→ **WHAT IS EXPECTED**
Images should be left out, and everything else in the listing reproduced exactly.

((

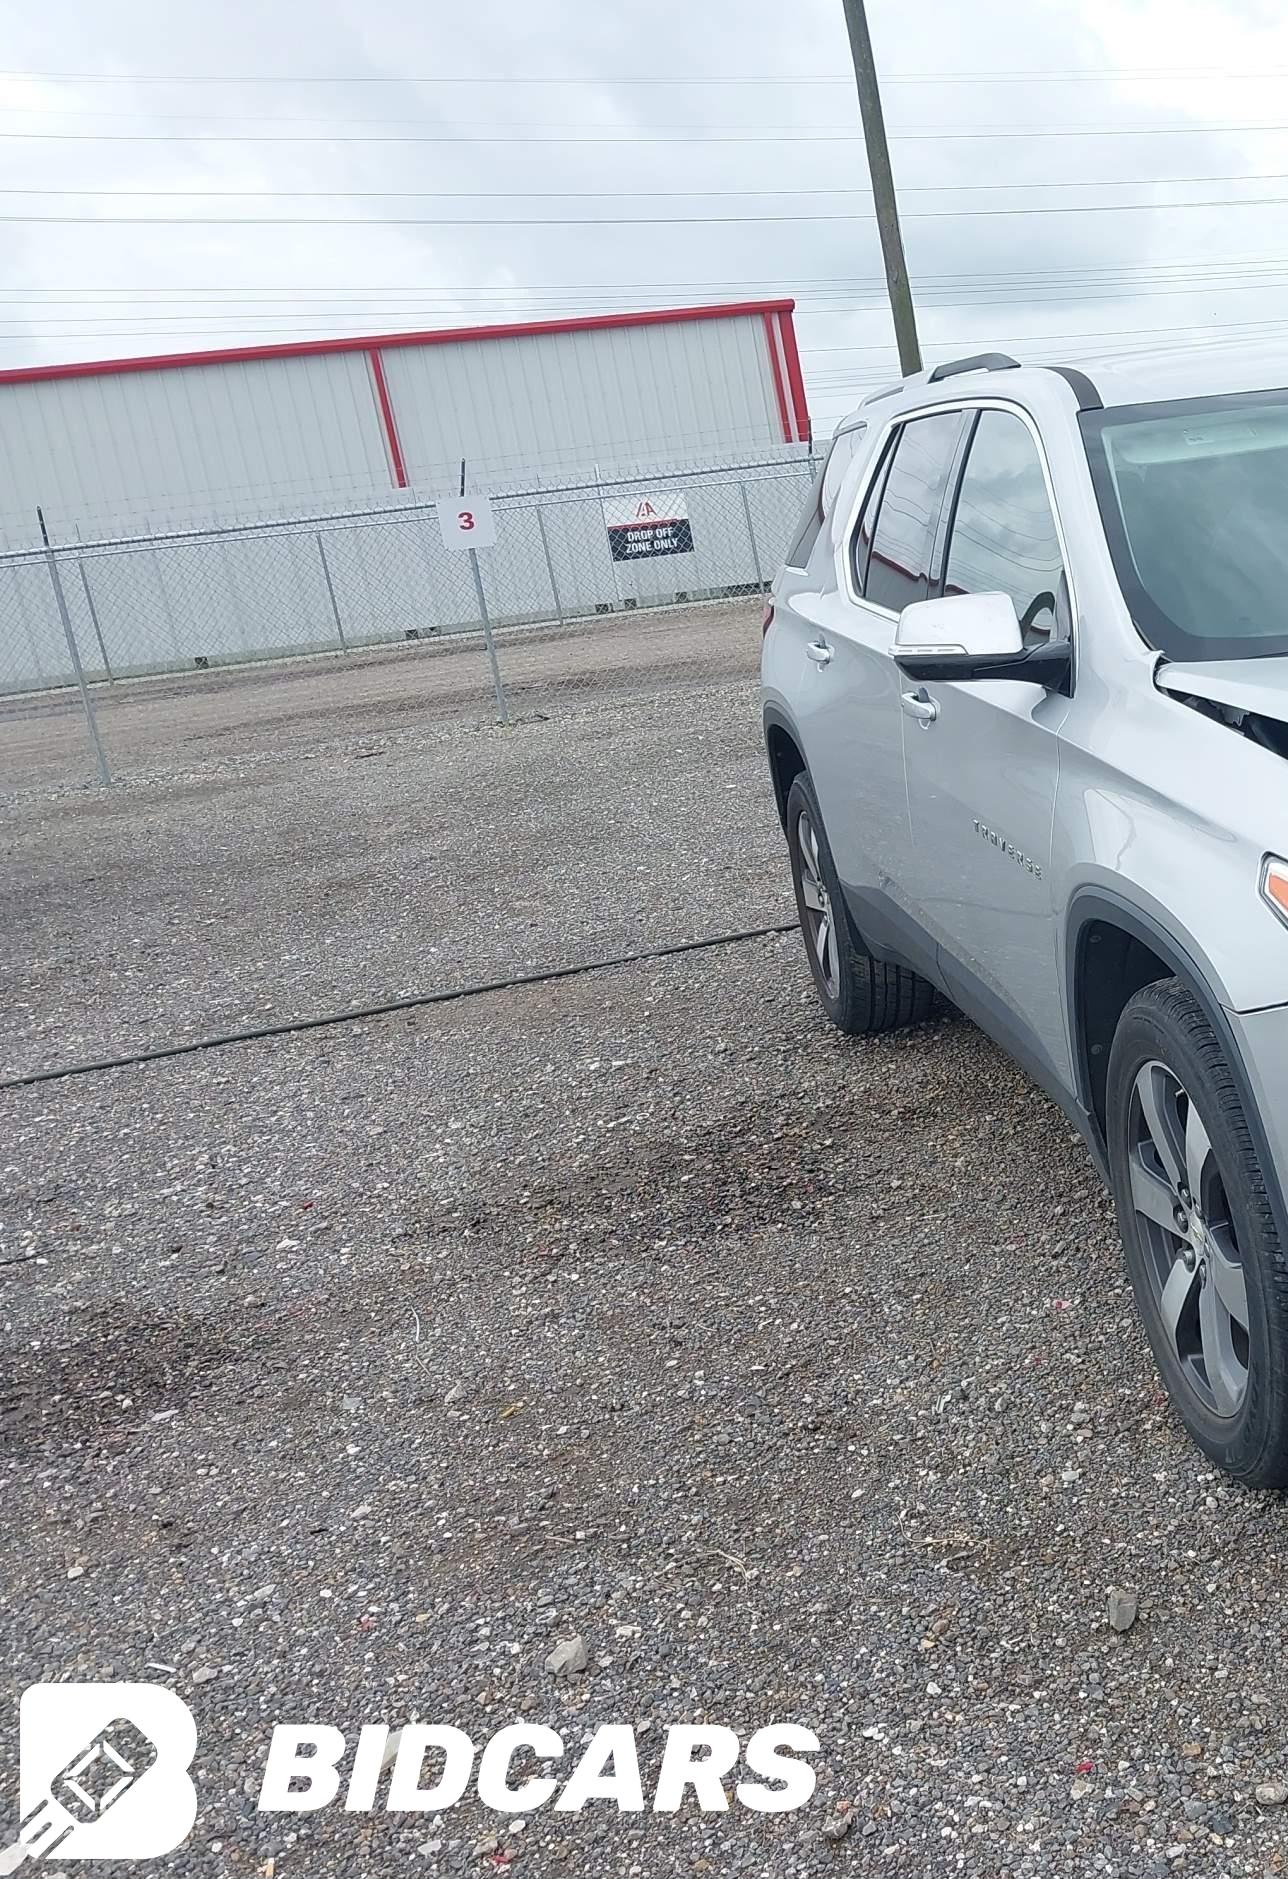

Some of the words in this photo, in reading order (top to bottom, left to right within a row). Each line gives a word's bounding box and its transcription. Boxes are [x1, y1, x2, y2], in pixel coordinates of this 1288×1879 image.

[457, 511, 475, 531] 3
[627, 530, 653, 542] DROP
[655, 527, 674, 538] OFF
[625, 541, 653, 554] ZONE
[653, 538, 679, 551] ONLY
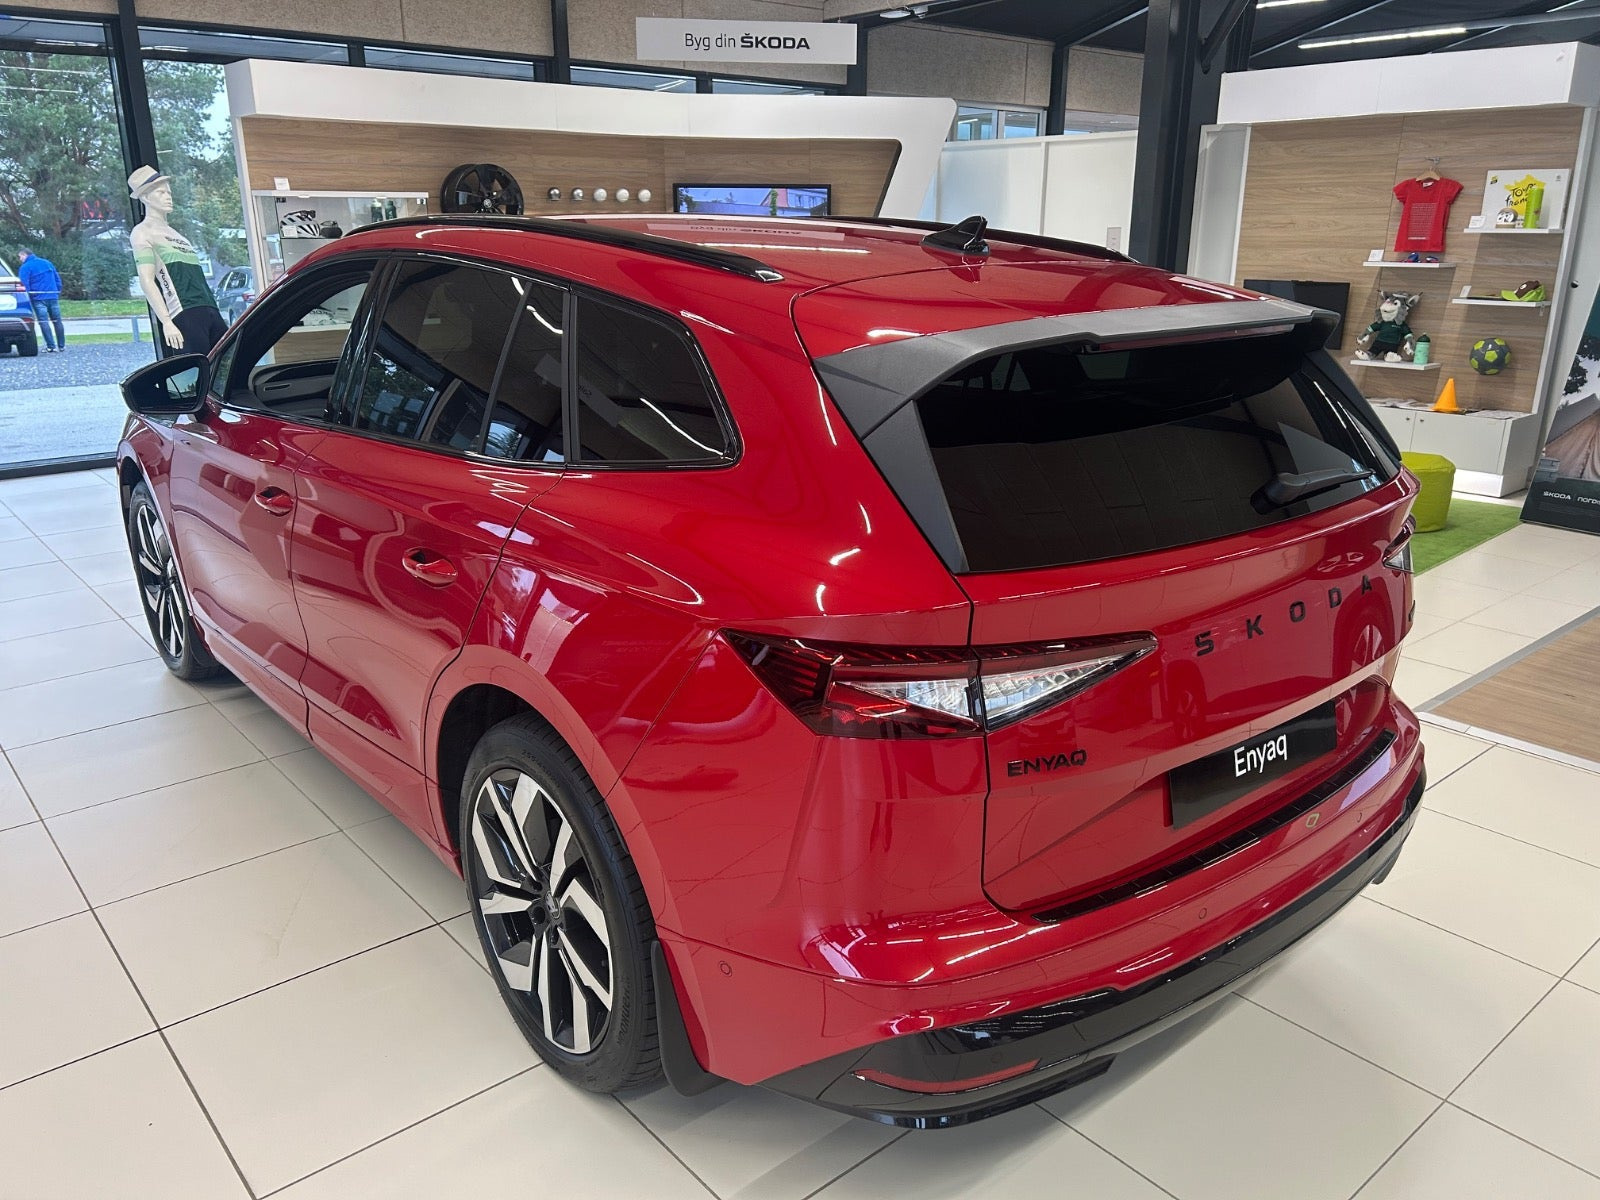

))

→ **FINAL ANSWER**
Some of the words in this photo, in reading order (top to bottom, left to right within a row). Each line gives a word's bounding box and its transcription. Boxes are [x1, y1, x2, y2], in pixel coordinates of this 1288×1879 image.

[457, 511, 475, 531] 3
[627, 530, 653, 542] DROP
[655, 527, 674, 538] OFF
[625, 541, 653, 554] ZONE
[653, 538, 679, 551] ONLY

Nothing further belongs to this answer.